Islam ditempatkan dalam kerangka universalisme peradaban. Universalisme itu tecermin dalam ajaran-ajarannya yang memiliki kepedulian tinggi terhadap unsur-unsur utama nilai kemanusiaan dengan diimbangi oleh kearifan yang muncul dari keterbukaan peradaban Islam itu sendiri. Relevansi dan implementasi ajaran agama harus diukur berdasarkan pertimbangan kemaslahatan seluruh umat manusia dan prinsip-prinsip dasar untuk mewujudkan kesejahteraan bersama (mabadi’ khairu ummah) yang dirumuskan dengan cakupan yang luas. Dengan begitulah agama menjadi kekuatan pembebas dan penyatu berbagai kepentingan dalam masyarakat. (Abdurrahman Wahid, 1995).
Sebagai ormas Islam terbesar di Indonesia, Nahdlatul Ulama (NU) sangat mendukung terwujudnya nilai-nilai (values) HAM dalam kehidupan masyarakat sehari-hari, bukan sekadar teori atau wacana, NU pun sudah melaksanakannya. NU sangat konsen dengan penegakan nilai-nilai HAM di Indonesia, hal ini tertuang sesuai dengan Keputusan Musyawarah Nasional Alim Ulama Nahdlatul Ulama pada 1997 di Lombok, Nusa Tenggara Barat, dengan merekomendasikan agar lima prinsip dasar kemanusiaan menjadi konsep yang utuh untuk memperjuangkannya terwujudnya al-huquq al-insaniyyah (HAM) secara aktif dan sungguh-sungguh di bumi Indonesia.
Pertama, hifzh al-din, memberikan jaminan hak kepada umat Islam untuk memelihara agama dan keyakinannya (al-din). Sementara itu Islam juga menjamin sepenuhnya atas indentitas (kelompok) agama yang bersifat lintas etnis, oleh karena itu Islam menjamin kebebasan beragama, dan larangan adanya pemaksaan agama yang satu dengan agama yang lainnya.
Kedua, hifzh al nafs wa al-’irdh, memberikan jaminan hak atas setiap jiwa (nyawa) manusia, untuk tumbuh dan berkembang secara layak. Dalam hal ini Islam menutut adanya keadilan, pemenuhan kebutuhan dasar (hak atas penghidupan) pekerjaan, hak kemerdekaan, dan keselamatan, bebas dari penganiayaan dan kesewenang-wenangan.
Ketiga, hifzh al-’aql, adalah adanya suatu jaminan atas kebebasan berekspresi, kebebasan mimbar, kebebasan mengeluarkan opini, melakukan penelitian dan berbagai aktivitas ilmiah. Dalam hal ini Islam melarang terjadinya perusakan akal dalam bentuk penyiksaan, penggunaan ekstasi, minuman keras dan lain-lain.
Keempat, hifzh al-nasl, merupakan jaminan atas kehidupan privasi setiap individu, perlindungan atas profesi (pekerjaan), jaminan masa depan keturunan dan generasi penerus yang lebih baik dan berkualitas. Free sex, zinah menurut syara, homoseksual adalah perbuatan yang dilarang karena bertentangan dengan hifzh al-nasl.
Kelima, hifzh al-maal, dimaksudkan sebagai jaminan atas pemilikan harta benda, properti dan lain-lain. Dan larangan adanya tindakan mengambil hak dari harta orang lain, seperti mencuri, korupsi, kolusi, monopoli, oligopoli, dan monopsoni.

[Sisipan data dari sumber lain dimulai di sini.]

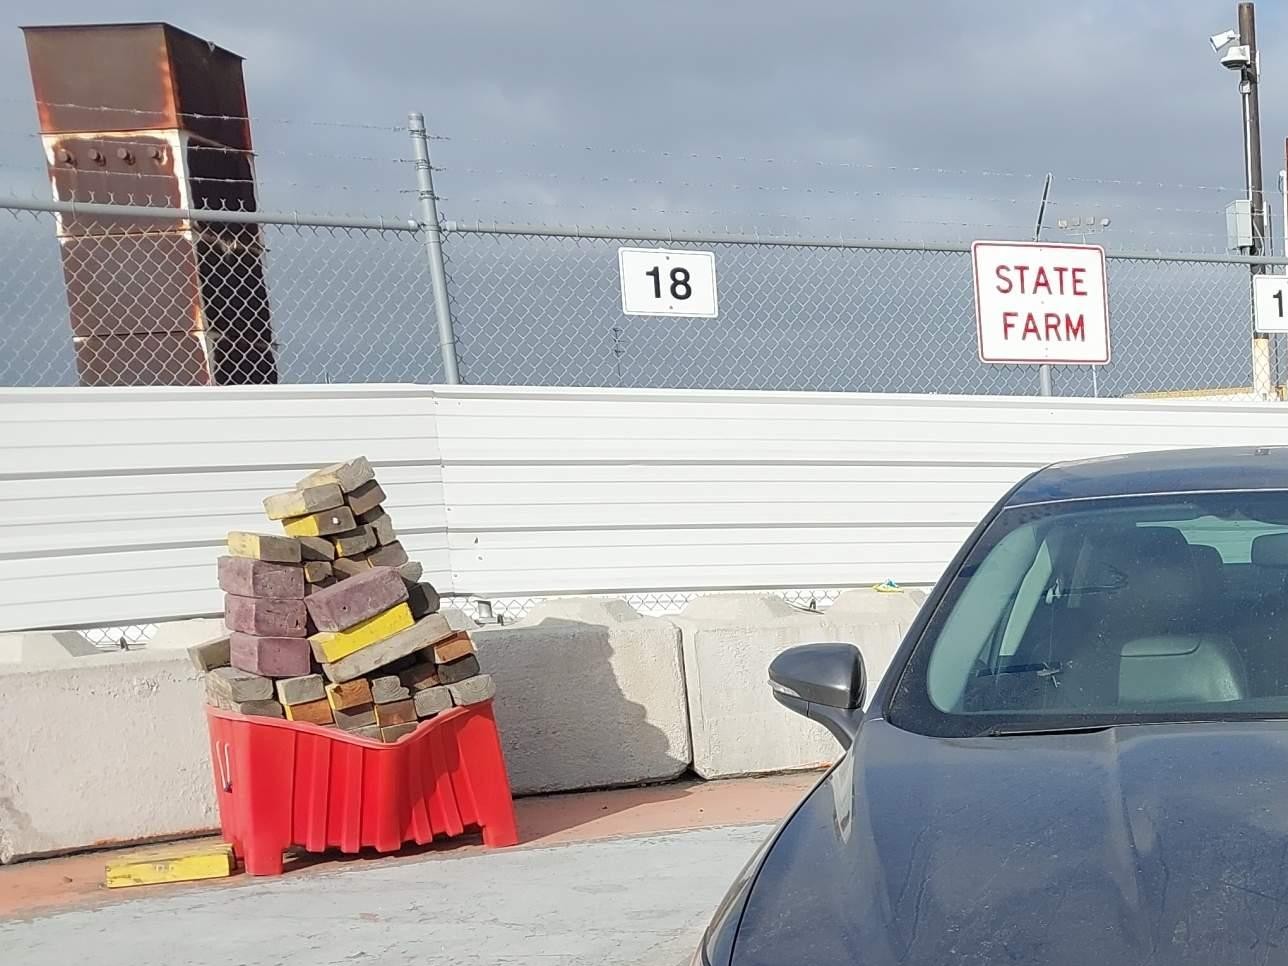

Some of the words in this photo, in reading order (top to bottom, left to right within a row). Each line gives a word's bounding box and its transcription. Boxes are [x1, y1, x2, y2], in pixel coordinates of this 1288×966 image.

[645, 266, 692, 300] 18
[996, 265, 1088, 296] STATE
[1003, 312, 1086, 342] FARM
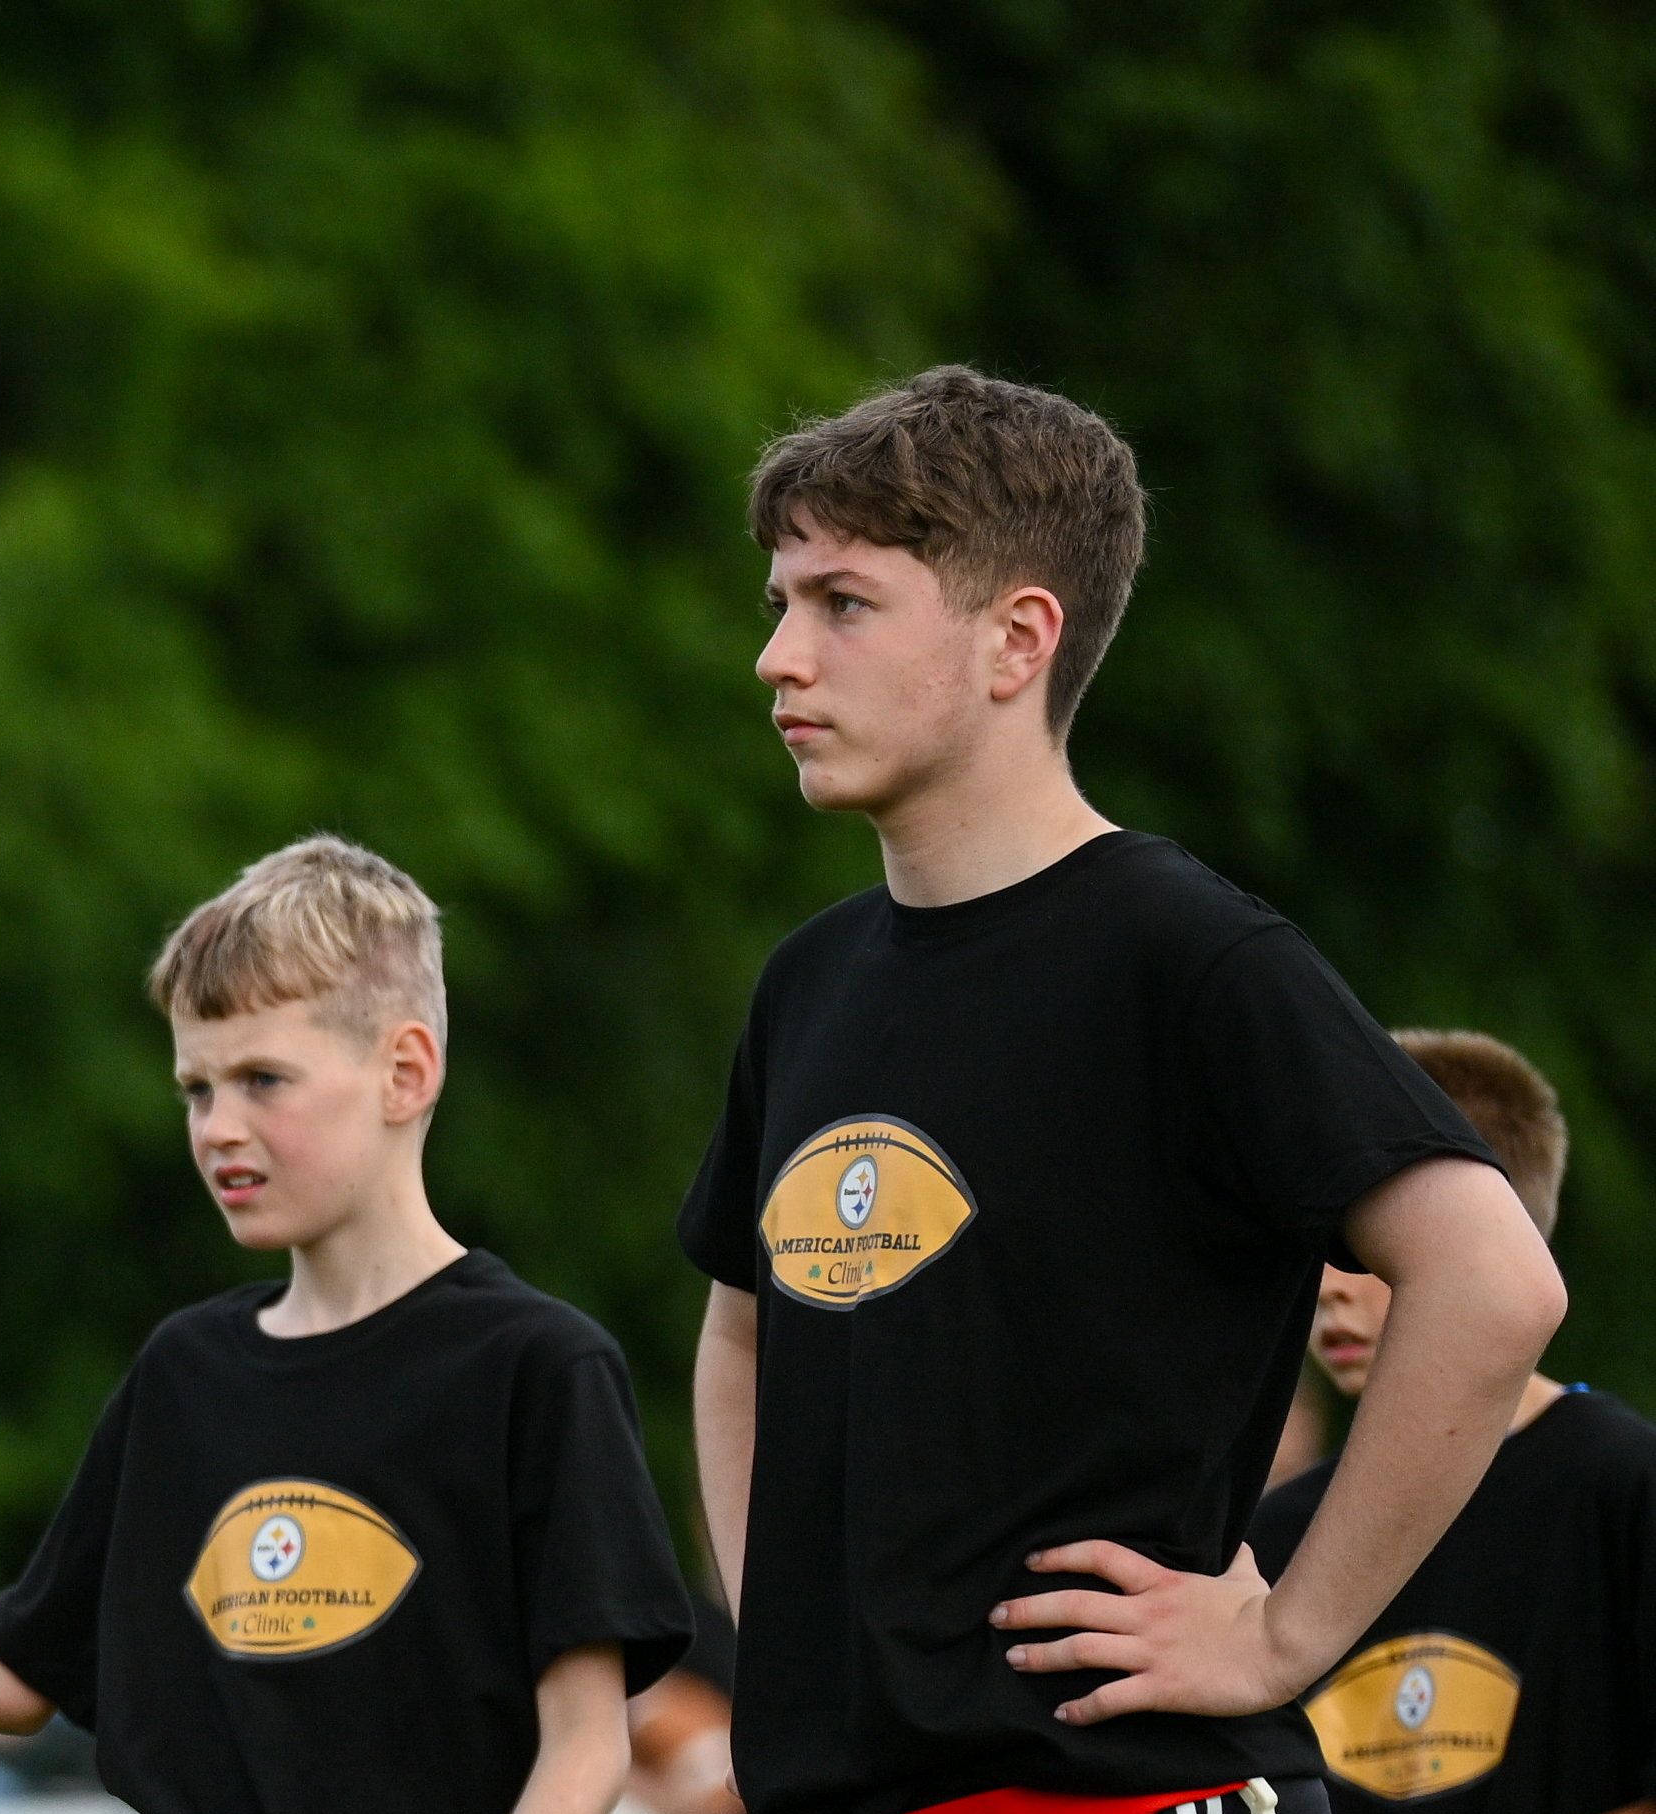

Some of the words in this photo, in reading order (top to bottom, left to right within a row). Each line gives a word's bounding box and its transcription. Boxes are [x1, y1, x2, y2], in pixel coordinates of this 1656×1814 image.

[774, 1237, 854, 1256] AMERICAN
[856, 1233, 921, 1251] FOOTBALL
[211, 1589, 271, 1617] AMERICAN
[273, 1588, 377, 1607] FOOTBALL
[242, 1612, 295, 1635] Clinic

Lima prinsip dasar kemanusiaan (al huquq al insaniyyah) di atas sangat relevan dan bahkan seiring dengan prinsip-prinsip hak-hak asasi manusia (HAM). Di samping itu, Islam sebagai agama tauhid, suatu keyakinan (akidah) yang secara transendental, dengan menisbikan tuntutan ketaatan kepada segenap kekuasaan duniawi serta segala perbudakan manusia dengan berbagai macam jenis kelamin, status sosial, warna kulit dan lain sebagainya. Keyakinan semacam ini jelas memberikan kesuburan bagi tumbuhnya penegakan HAM melalui suatu kekuasaan yang demokratis. 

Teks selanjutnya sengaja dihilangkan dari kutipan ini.